Purists who would prefer their movements remain entirely mechanical can turn to add-on modules instead, like Montblanc’s e-Strap. The watch strap, which will debut on some of the new 2015 Timewalker Urban Speed models, has Bluetooth functionality that allows it to receive notifications from your smartphone about calls, texts, e-mails, calendars and socialmedia platforms. Vibrating alerts will be paired with displays on a 0.9-inch monochromatic Oled touchscreen at the base of the strap. It will also come equipped with a pedometer and accelerometer, with the data sent to the accompanying phone app. And that’s not all. The strap will also be able to control your phone’s music player, serve as a remote camera trigger and find your phone if it’s within Bluetooth range. Despite the abundance of functions, the strap claims to be able to run continuously for five days before a recharge is required.




Not all smartwatches need to look the part, and Frederique Constant is one brand that has gone out of its way to make sure its new-age offering looks no more futuristic than the rest of the tickers in its stable. Powered by a quartz movement, the new Horological Smartwatch looks like any other classic analogue timepiece, with hours, minutes and a subdial. But take a closer look and you’ll see that the subdial doesn’t contain seconds, but your activity and sleep information along with the date.

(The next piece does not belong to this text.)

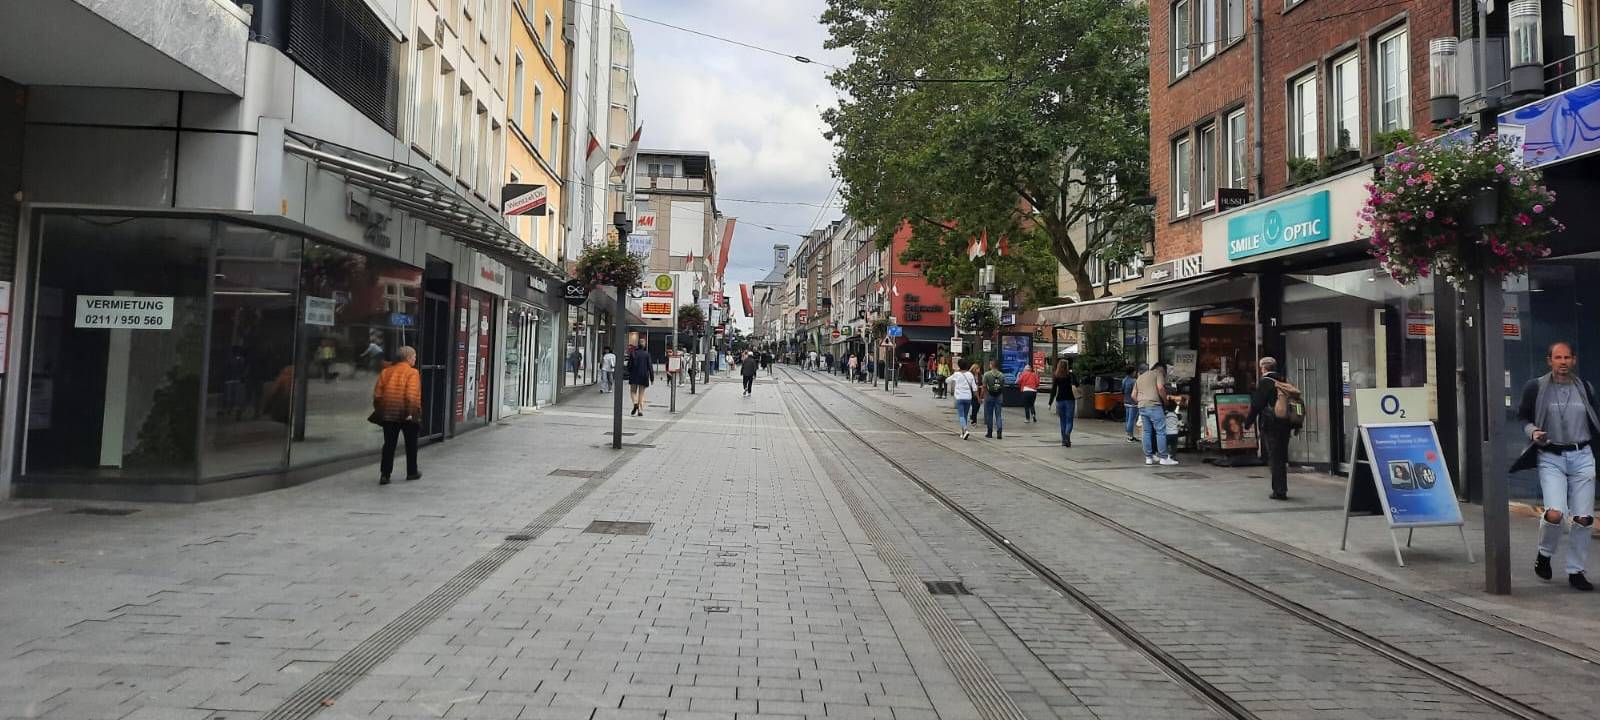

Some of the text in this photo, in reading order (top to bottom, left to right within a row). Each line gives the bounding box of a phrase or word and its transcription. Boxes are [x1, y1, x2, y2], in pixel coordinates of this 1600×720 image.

Once you connect the watch to the corresponding app on your smartphone, you can set activity goals that can be tracked on the watch face. Pushing the “crown” will activate sleep mode, and the app will reveal how well you slept, based on how much you moved during the night. One thing to note is that the crown is actually just a pusher, and time adjustment can be done only through the app.




Montblanc is not the only brand keeping its movements wholly mechanical, while incorporating the “smart” into the straps. A similar idea is brewing over at IWC, which is in the midst of fine-tuning the IWC Connect, a secondary device that will attach to the strap of the Big Pilot model, and eventually onto all of the brands’ sports watches. Details are scarce at the moment, but IWC has announced that it will come with an activity tracker – a sensible move for its sports watch collection. The inspiration apparently came from the plastic and rubber fitness trackers people have started to wear, alongside their luxury timepieces. Creating a sleek module that will fit onto the watch itself will thus negate the need to share wrist space with non-premium accessories.